[Saved entries]
# # # #
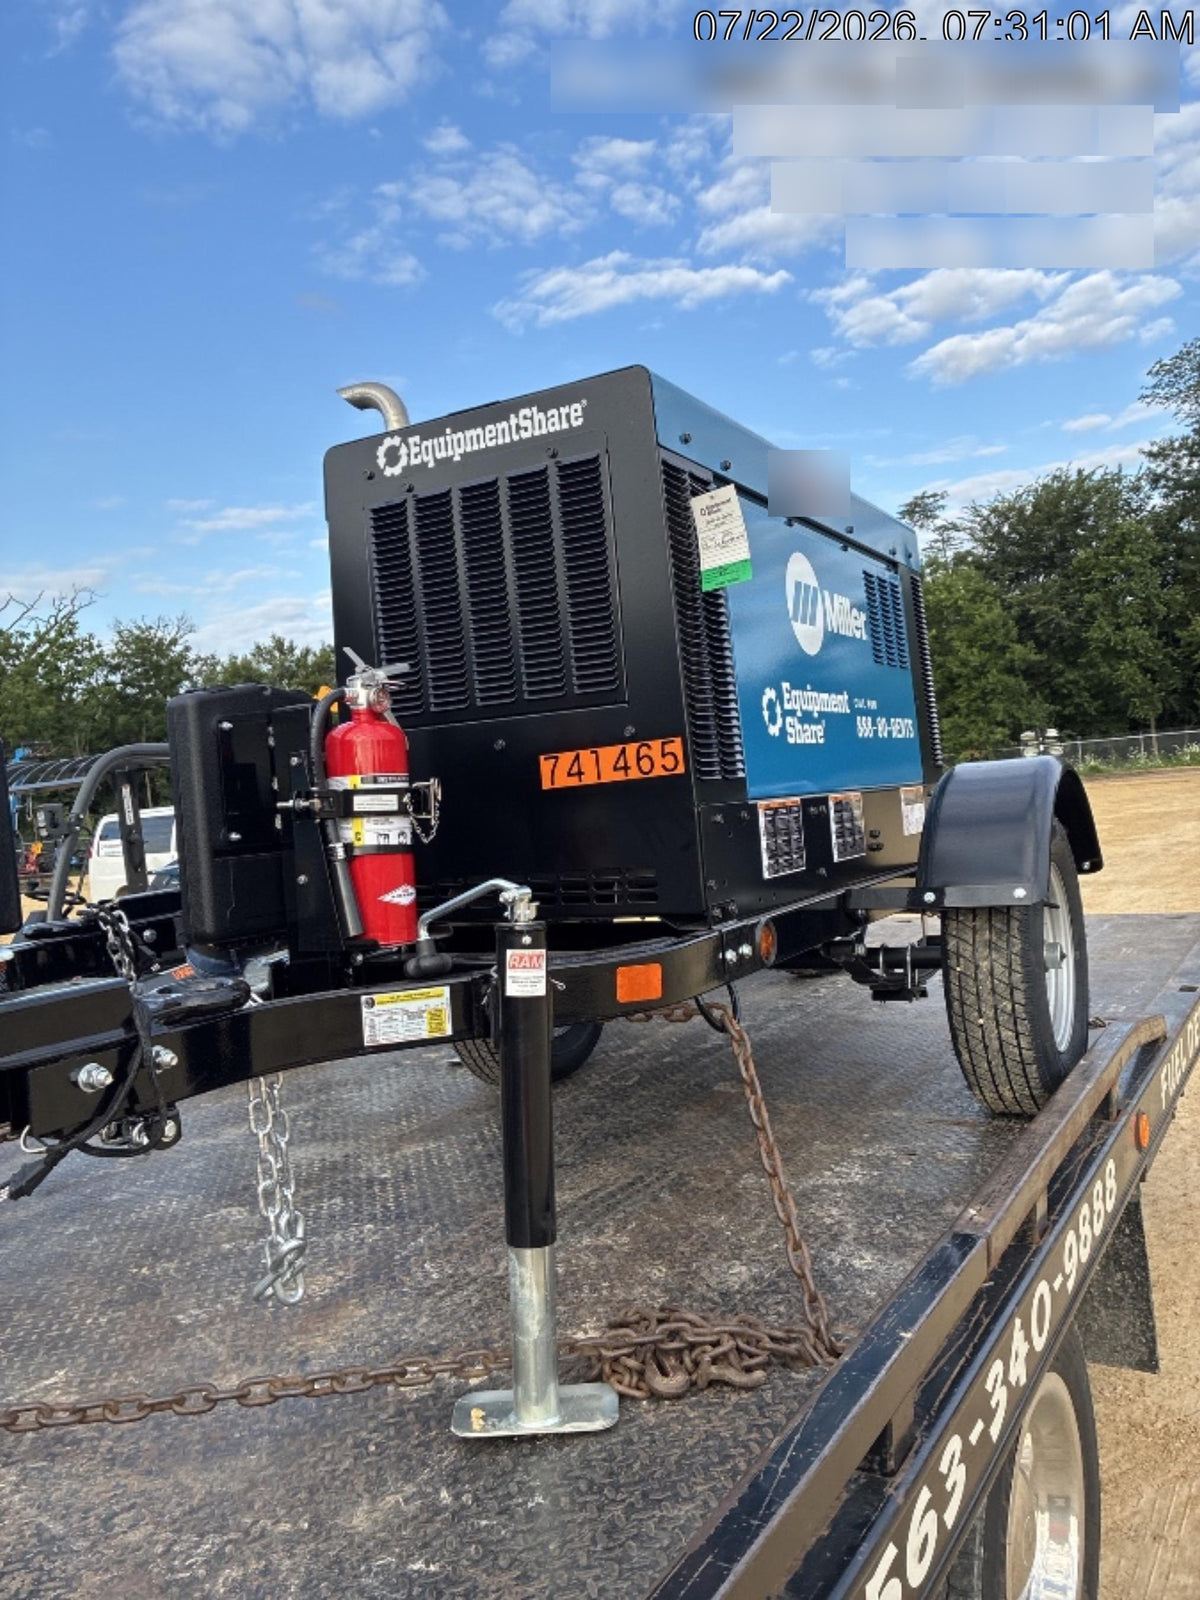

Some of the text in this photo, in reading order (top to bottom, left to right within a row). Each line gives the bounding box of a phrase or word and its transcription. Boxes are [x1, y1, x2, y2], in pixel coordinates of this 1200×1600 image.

[823, 589, 867, 641] Miller
[781, 681, 851, 718] Equipment
[785, 716, 825, 744] Share
[543, 739, 680, 786] 741465
[509, 954, 543, 969] RAM
[1161, 1037, 1187, 1110] FUEL
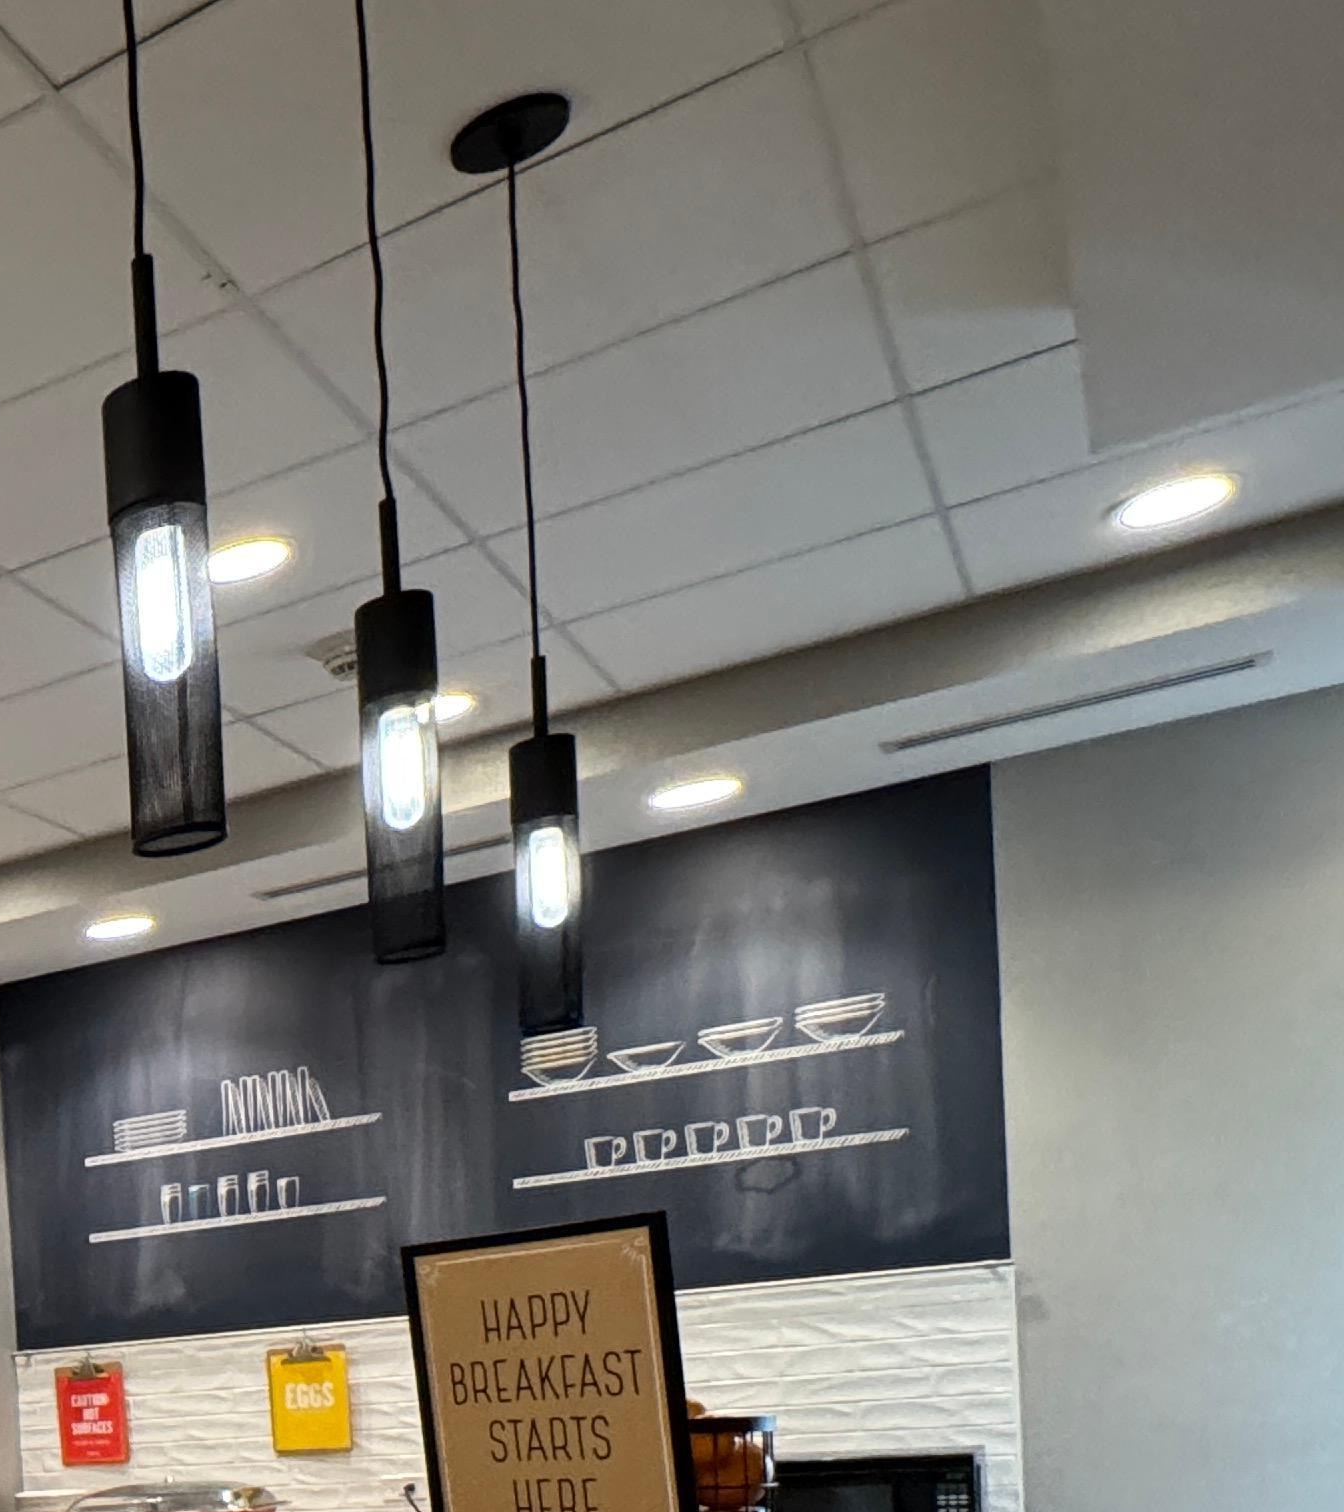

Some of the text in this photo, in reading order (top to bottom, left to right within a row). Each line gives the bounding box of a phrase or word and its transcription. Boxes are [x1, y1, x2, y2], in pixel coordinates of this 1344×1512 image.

[480, 1289, 590, 1343] HAPPY
[284, 1381, 336, 1410] EGGS
[449, 1349, 642, 1405] BREAKFAST
[488, 1415, 612, 1463] STARTS
# # # #
_What you have to do:_ For the entries above, transcribe precisely the lines from the one with "this 1344×1512 image." through the end, including both.

_Solution to the exercise:_
Some of the text in this photo, in reading order (top to bottom, left to right within a row). Each line gives the bounding box of a phrase or word and its transcription. Boxes are [x1, y1, x2, y2], in pixel coordinates of this 1344×1512 image.

[480, 1289, 590, 1343] HAPPY
[284, 1381, 336, 1410] EGGS
[449, 1349, 642, 1405] BREAKFAST
[488, 1415, 612, 1463] STARTS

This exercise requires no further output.